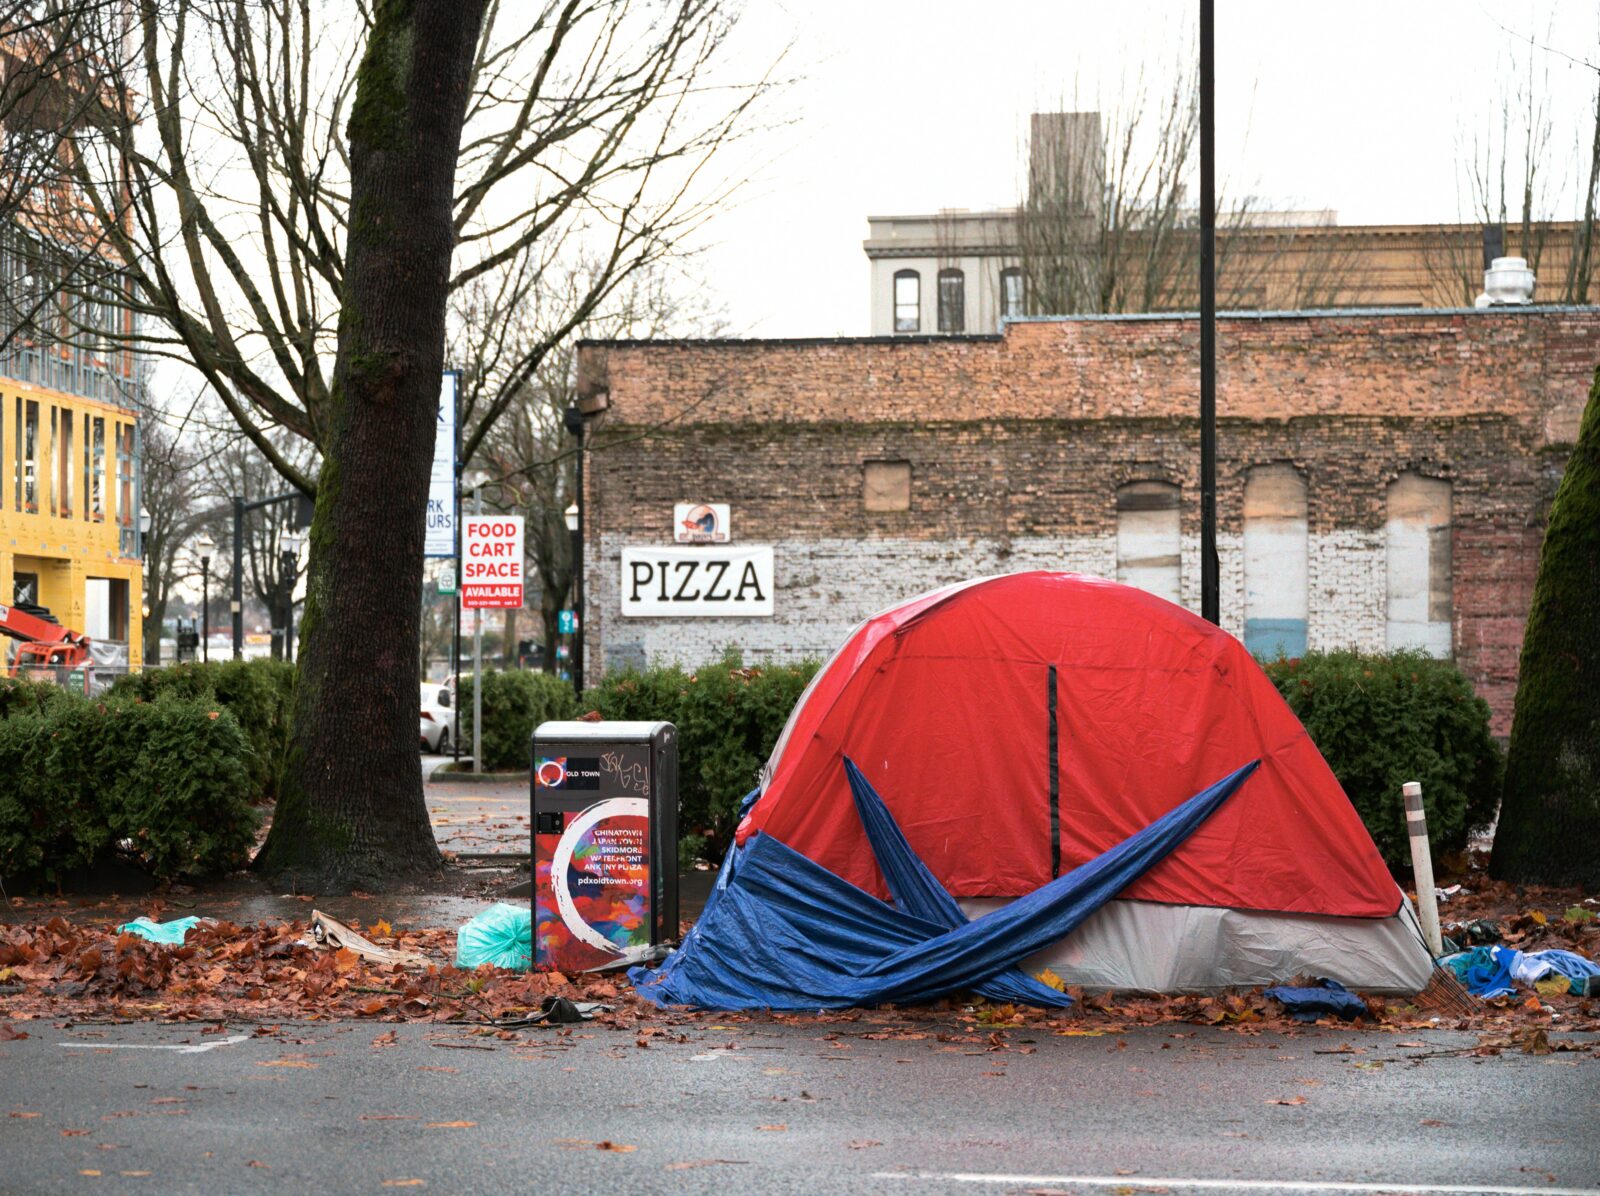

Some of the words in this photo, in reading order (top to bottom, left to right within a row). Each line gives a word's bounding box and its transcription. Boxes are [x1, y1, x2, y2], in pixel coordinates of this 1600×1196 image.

[427, 499, 443, 512] RK
[427, 514, 451, 528] URS
[468, 523, 517, 537] FOOD
[469, 543, 515, 557] CART
[465, 563, 520, 578] SPACE
[629, 561, 766, 602] PIZZA
[465, 586, 520, 597] AVAILABLE
[578, 876, 643, 887] pdxoldtown.org
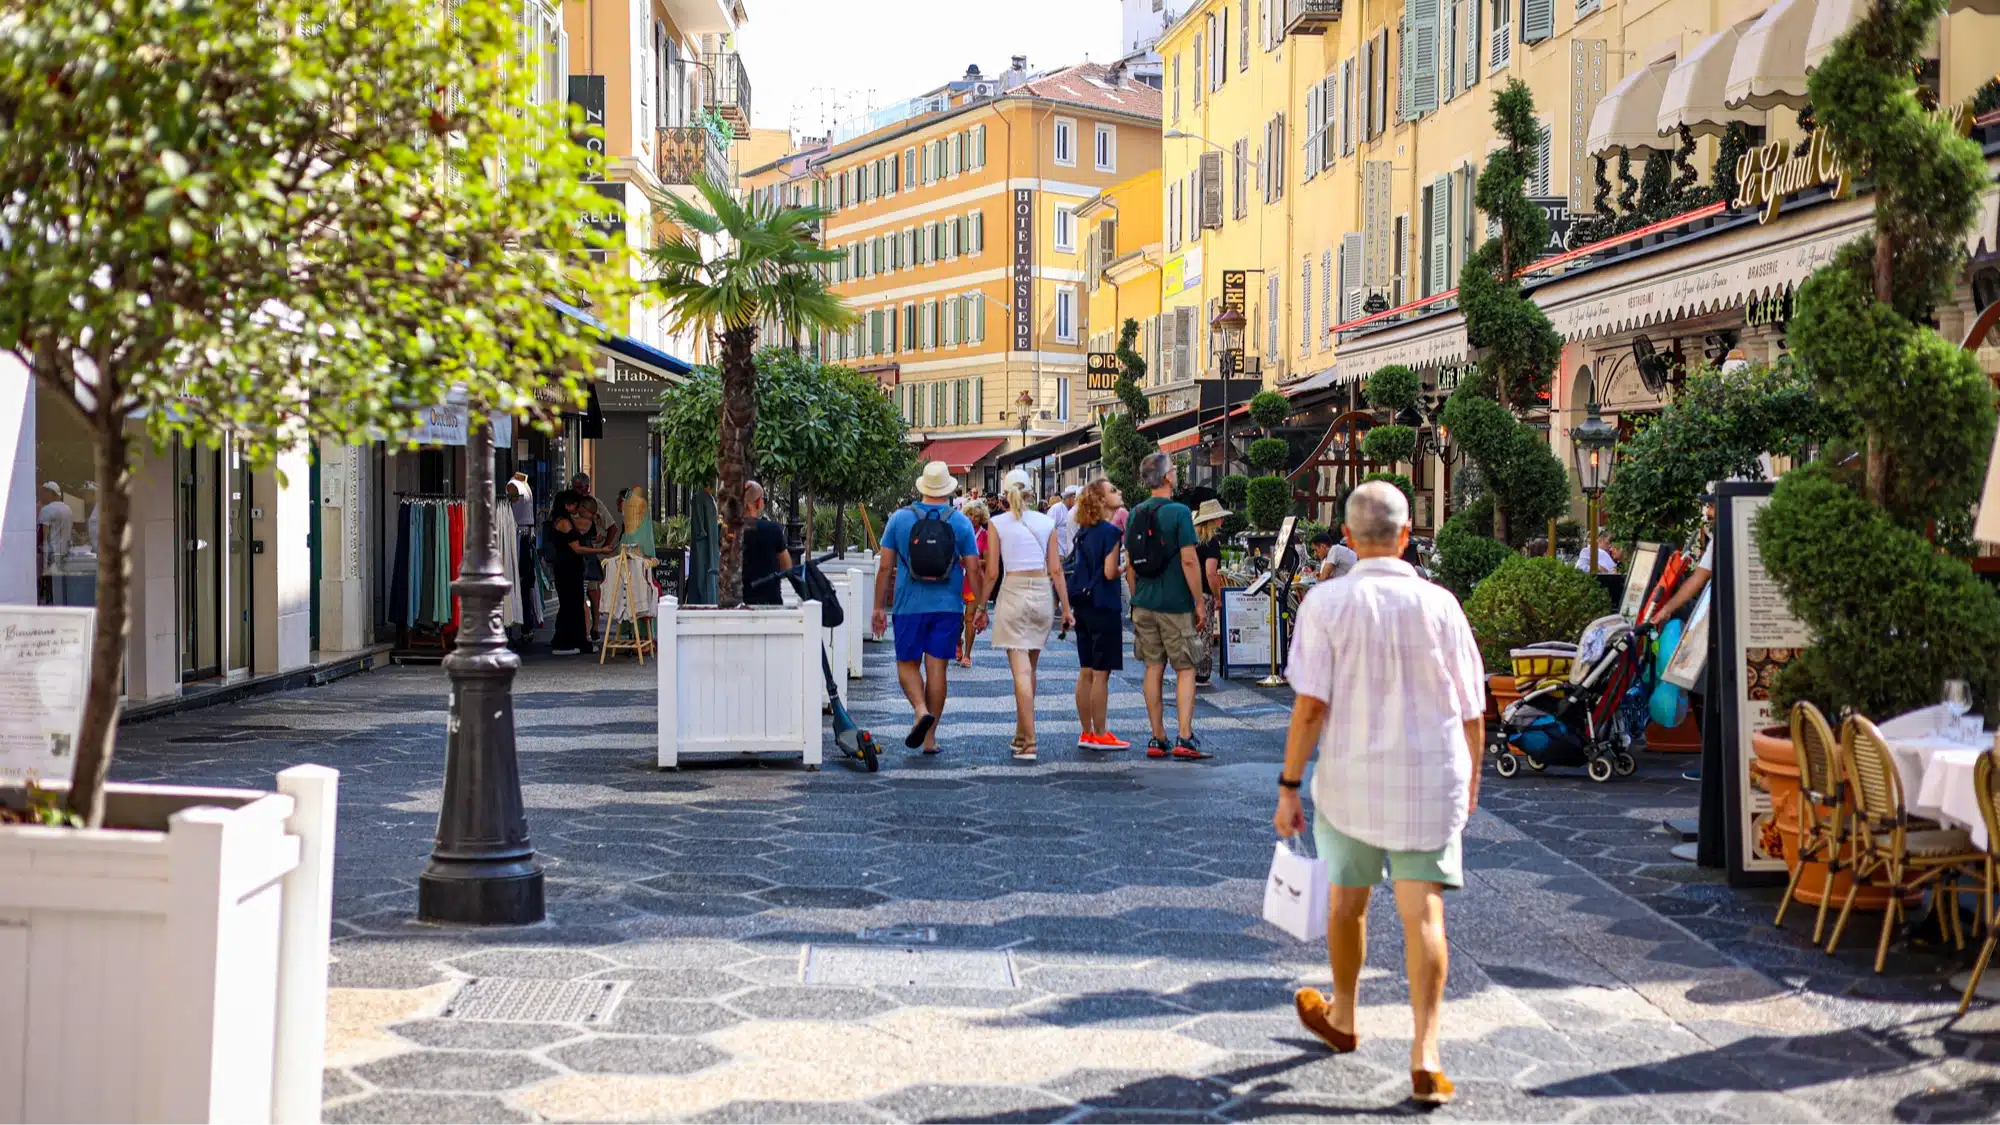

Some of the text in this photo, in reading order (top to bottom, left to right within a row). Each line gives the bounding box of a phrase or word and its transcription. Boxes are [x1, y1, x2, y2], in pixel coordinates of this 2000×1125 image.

[1733, 147, 1757, 209] Le
[1759, 130, 1818, 225] Grand
[1015, 190, 1031, 349] HOTEL de SUEDE
[1627, 292, 1654, 308] RESTAURANT
[1747, 260, 1779, 280] BRASSERIE
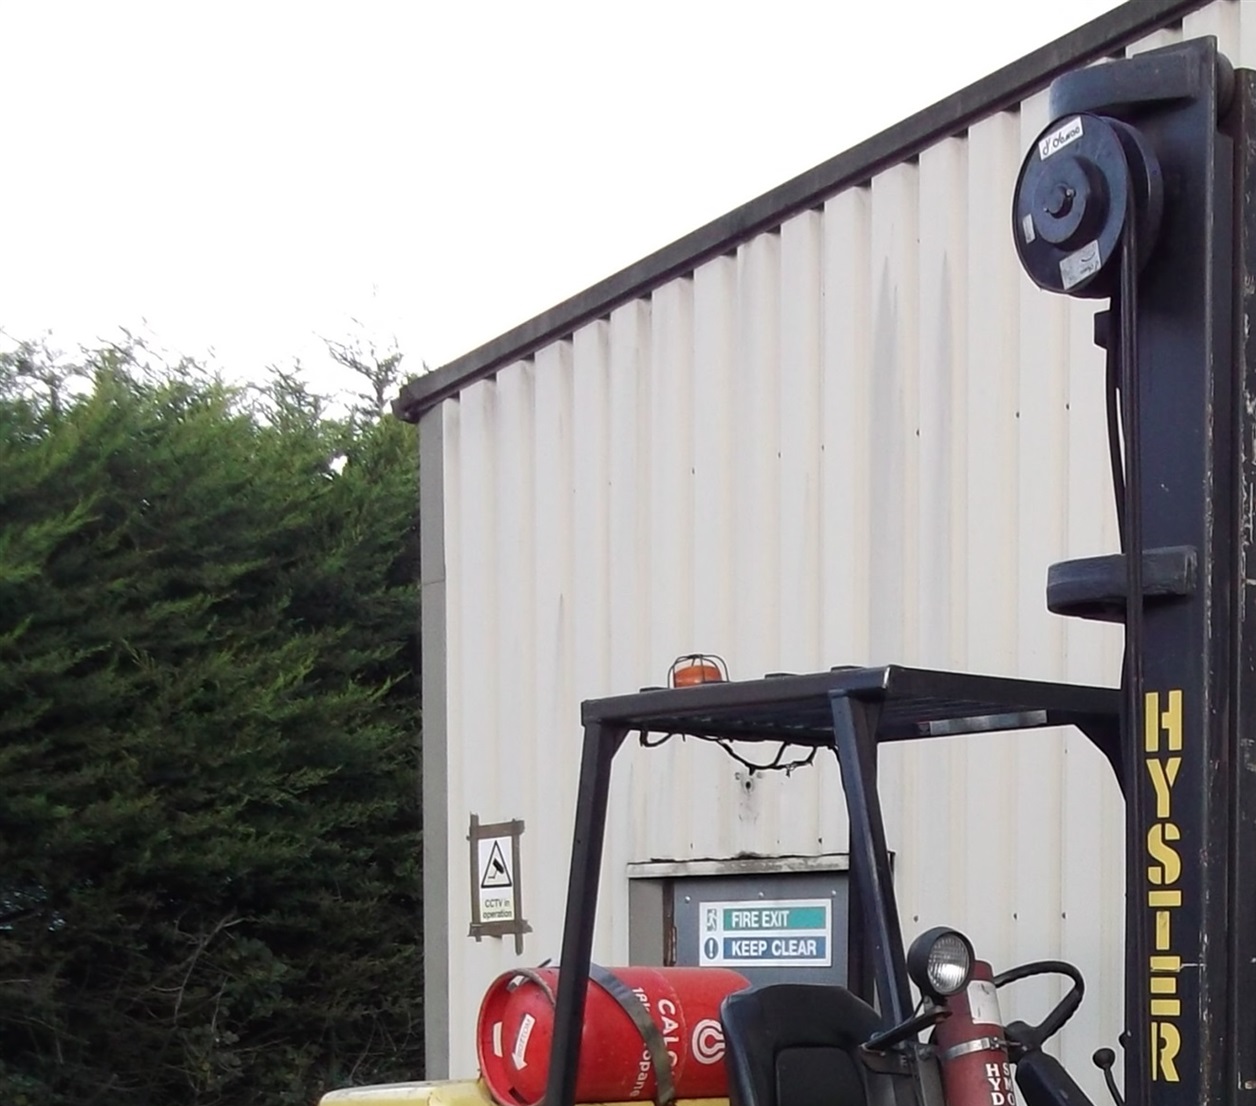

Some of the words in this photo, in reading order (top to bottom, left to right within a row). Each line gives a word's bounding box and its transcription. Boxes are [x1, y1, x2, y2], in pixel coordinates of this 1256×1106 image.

[1144, 689, 1183, 1082] HYSTER
[484, 899, 502, 908] CCTV
[482, 909, 512, 919] operation
[731, 910, 759, 928] FIRE
[762, 910, 790, 927] EXIT
[731, 940, 767, 956] KEEP
[771, 939, 817, 956] CLEAR

....

→ ABOUT THIS TASK
An exact, picture-free copy of the entries is required.

→ SOLUTION
Some of the words in this photo, in reading order (top to bottom, left to right within a row). Each line gives a word's bounding box and its transcription. Boxes are [x1, y1, x2, y2], in pixel coordinates of this 1600×1196 image.

[427, 499, 443, 512] RK
[427, 514, 451, 528] URS
[468, 523, 517, 537] FOOD
[469, 543, 515, 557] CART
[465, 563, 520, 578] SPACE
[629, 561, 766, 602] PIZZA
[465, 586, 520, 597] AVAILABLE
[578, 876, 643, 887] pdxoldtown.org

Some of the text in this photo, in reading order (top to bottom, left to right within a row). Each line gives the bounding box of a phrase or word and its transcription. Boxes are [x1, y1, x2, y2], in pixel coordinates of this 2000×1125 image.

[1733, 147, 1757, 209] Le
[1759, 130, 1818, 225] Grand
[1015, 190, 1031, 349] HOTEL de SUEDE
[1627, 292, 1654, 308] RESTAURANT
[1747, 260, 1779, 280] BRASSERIE

Some of the words in this photo, in reading order (top to bottom, left to right within a row). Each line gives a word's bounding box and its transcription. Boxes are [x1, y1, x2, y2], in pixel coordinates of this 1256×1106 image.

[1144, 689, 1183, 1082] HYSTER
[484, 899, 502, 908] CCTV
[482, 909, 512, 919] operation
[731, 910, 759, 928] FIRE
[762, 910, 790, 927] EXIT
[731, 940, 767, 956] KEEP
[771, 939, 817, 956] CLEAR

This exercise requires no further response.